**** SOURCE MATERIAL
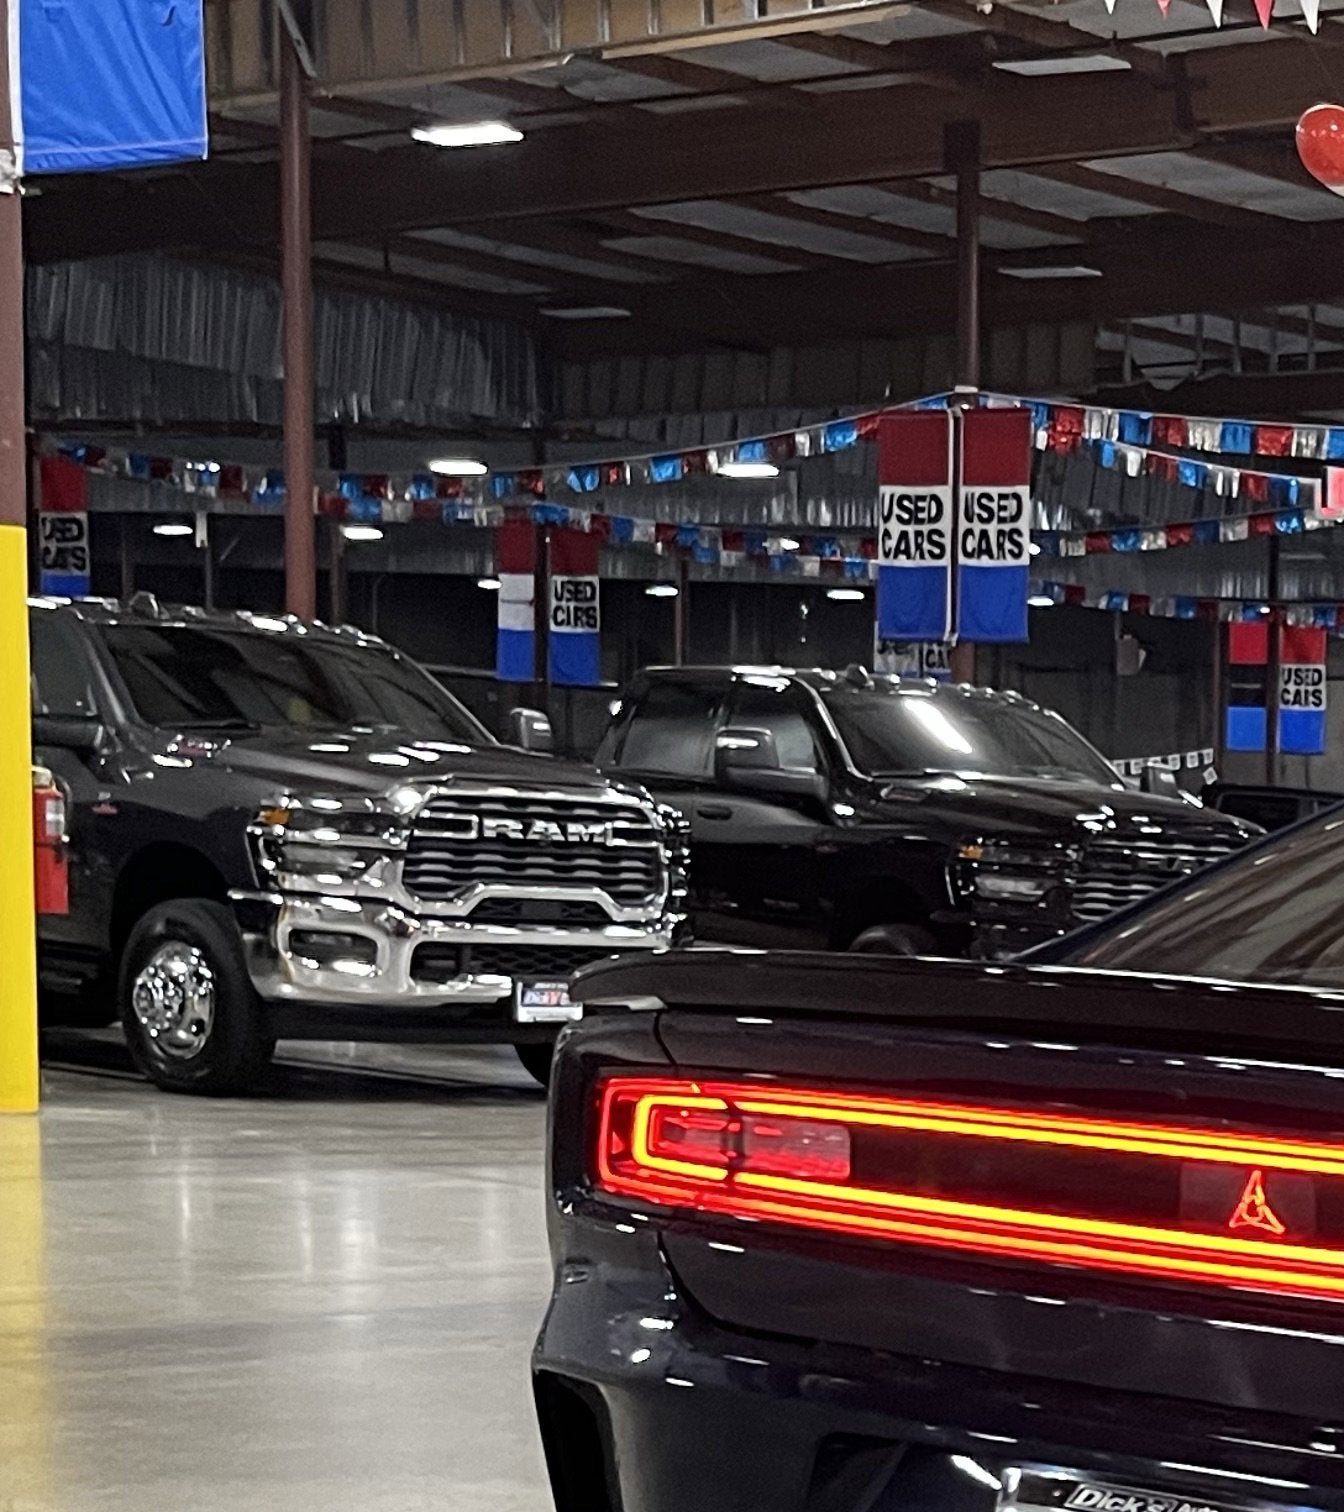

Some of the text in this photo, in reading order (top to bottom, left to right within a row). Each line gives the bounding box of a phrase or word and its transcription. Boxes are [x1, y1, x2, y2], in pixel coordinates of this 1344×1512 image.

[881, 493, 944, 525] USED
[964, 492, 1023, 524] USED
[881, 528, 946, 560] CARS
[961, 528, 1024, 560] CARS
[555, 580, 597, 602] USED
[483, 818, 607, 843] RAM
********
• **DIRECTIONS FOR THIS TASK**: Repeat every line of the data above exactly, but drop the pictures.

• **RESULT**:
Some of the text in this photo, in reading order (top to bottom, left to right within a row). Each line gives the bounding box of a phrase or word and its transcription. Boxes are [x1, y1, x2, y2], in pixel coordinates of this 1344×1512 image.

[881, 493, 944, 525] USED
[964, 492, 1023, 524] USED
[881, 528, 946, 560] CARS
[961, 528, 1024, 560] CARS
[555, 580, 597, 602] USED
[483, 818, 607, 843] RAM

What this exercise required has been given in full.